With all of that said, I think I need to close out this post + send it out to the universe. It feels like a good place to stop. My working from home documentation will continue as long as working from home continues. Please know that I am sending you all of the love I can. Wishing you well. Hoping that you find balance + calm as we all try to embody this new way of life.
Blessed spring or autumn, sweet soul. Hope is still alive. xoxo. liz
Thanks for this chronicle of your days Liz. I am in awe of how you are navigating this new territory and creating grace and space for ‘newness’ to arise — but then, that is what you always do.
I am surprised that your elementary schools are still in! All schools are online here now. My daughter’s company (5,000 employees) are all working from home unless they are in the field (it’s a telecom company). Most businesses have moved employees out of offices to home offices.

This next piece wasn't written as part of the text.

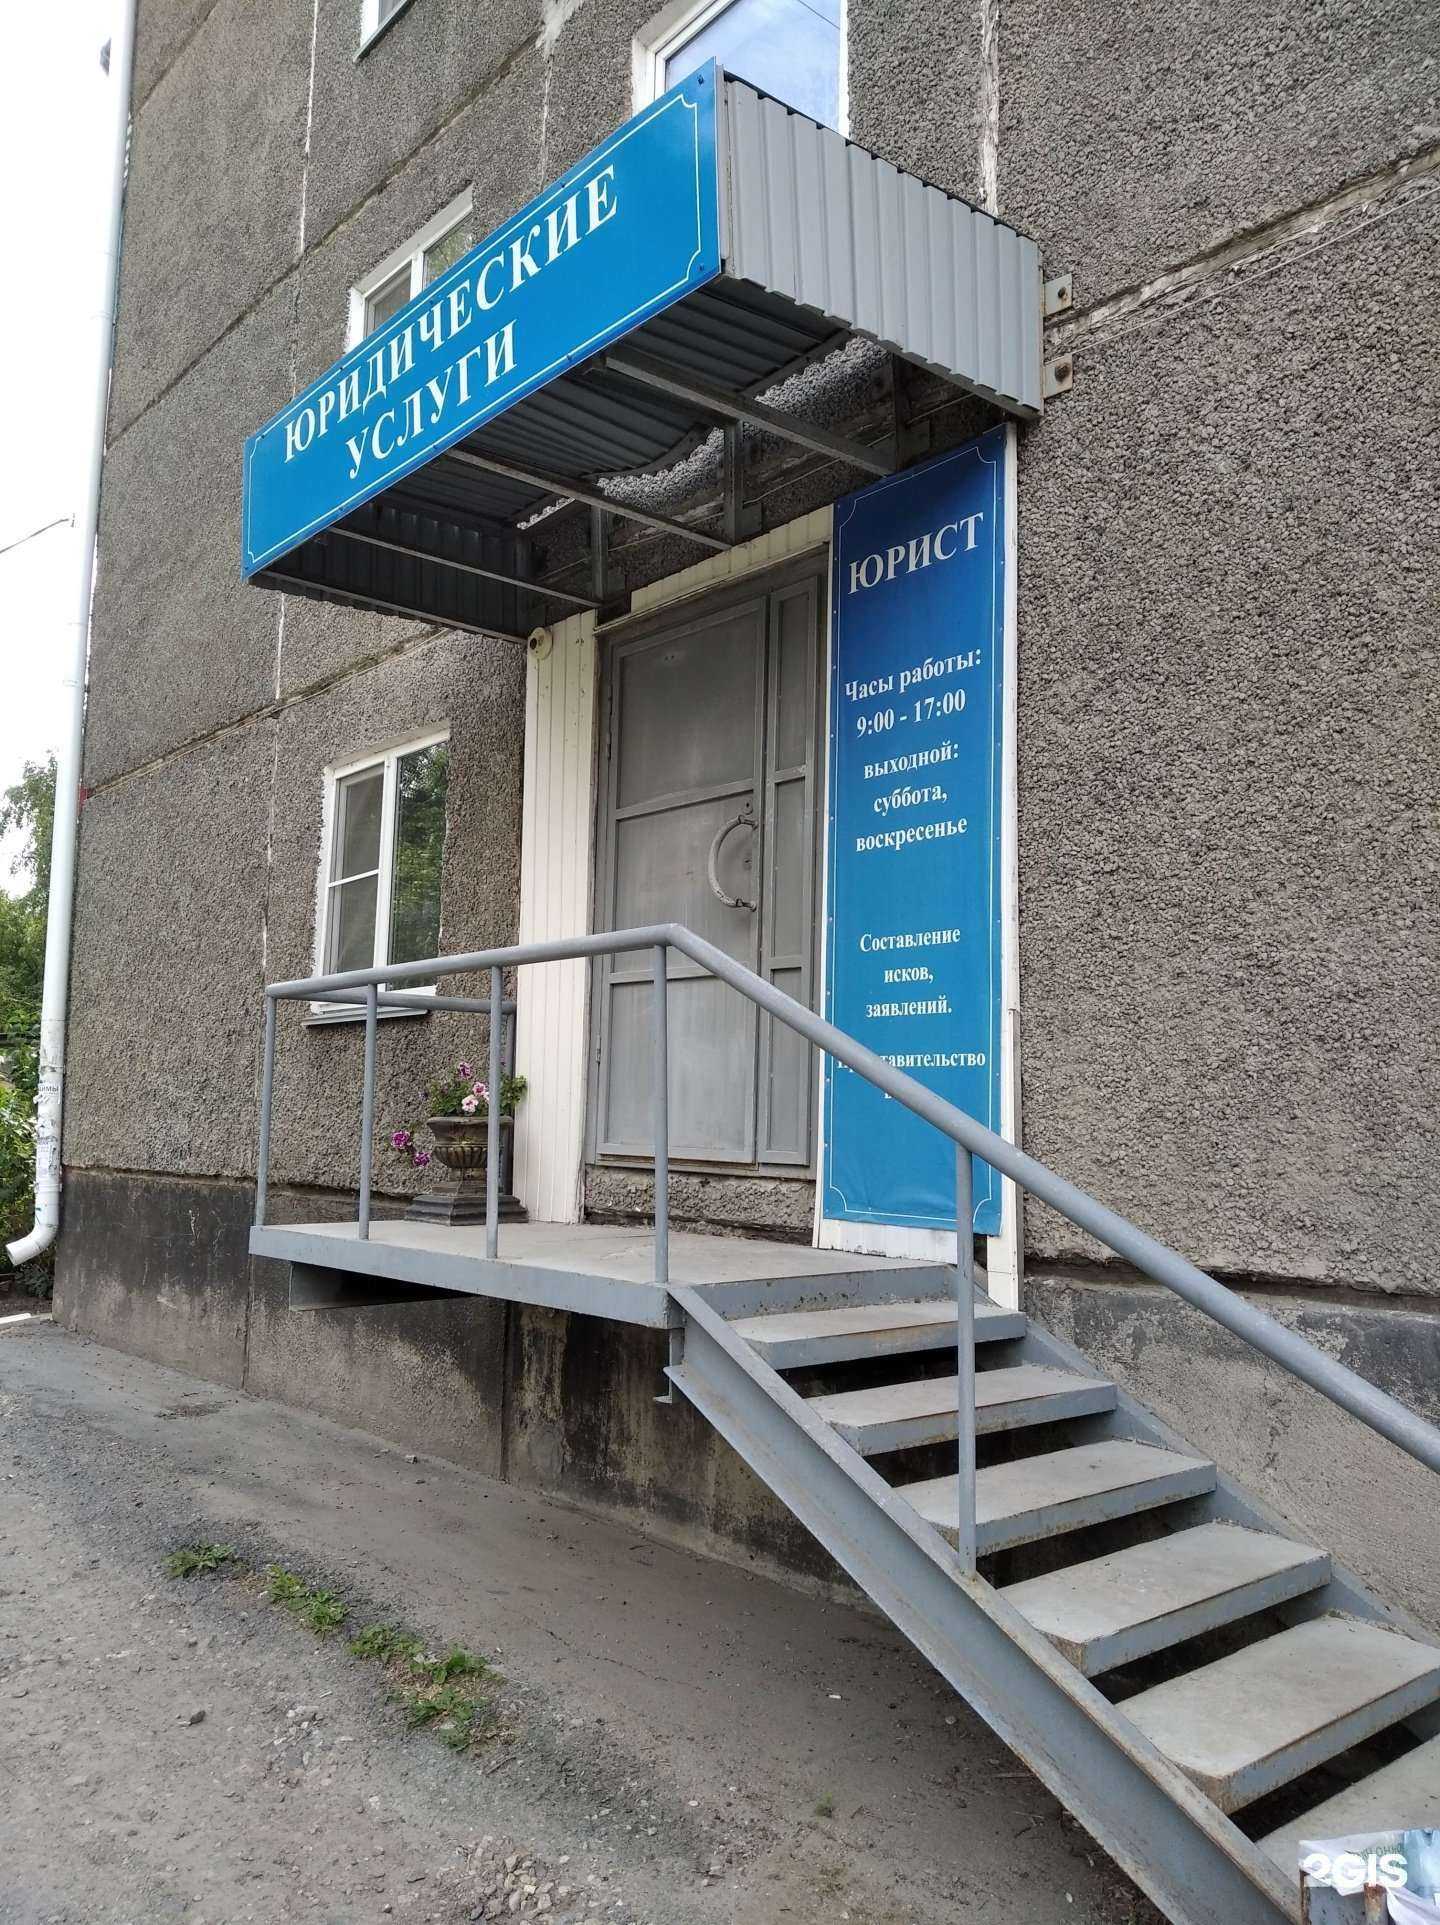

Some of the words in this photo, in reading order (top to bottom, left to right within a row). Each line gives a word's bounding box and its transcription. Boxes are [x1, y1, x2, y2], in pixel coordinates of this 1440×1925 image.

And yes… there are those who flaunt the system. Who believe they’re immune to it all. Like you, I do not want to criticize so I offer prayers for their well-being and the well-being of everyone they come in contact with, and let my thoughts around their actions go. They too deserve my loving attention.
I look forward to your next post.
Your photos are always so lovely.
Louise, thank you so much for stopping by here and leaving such a beautiful comment. I so hope that you and your loved ones are well. Sending lots of love across the miles. xoxo
Hi Liz, I have just stumbled across your site and feel so lucky to have! I too am an educator and working from home in Australia. It has been one of the most exciting, daunting, overwhelming and exhausting weeks of my teaching career. Things are going well so far but finding a rhythm at home with my two small daughters has also been interesting. I felt compelled to say thank you for your honesty in documenting this. To allow me to see myself reflected elsewhere in the world. And to thank you for being an expander – to see how you have been able to stay grounded, spiritual and connected to the universe, working within schools and being yourself has shown me it is possible.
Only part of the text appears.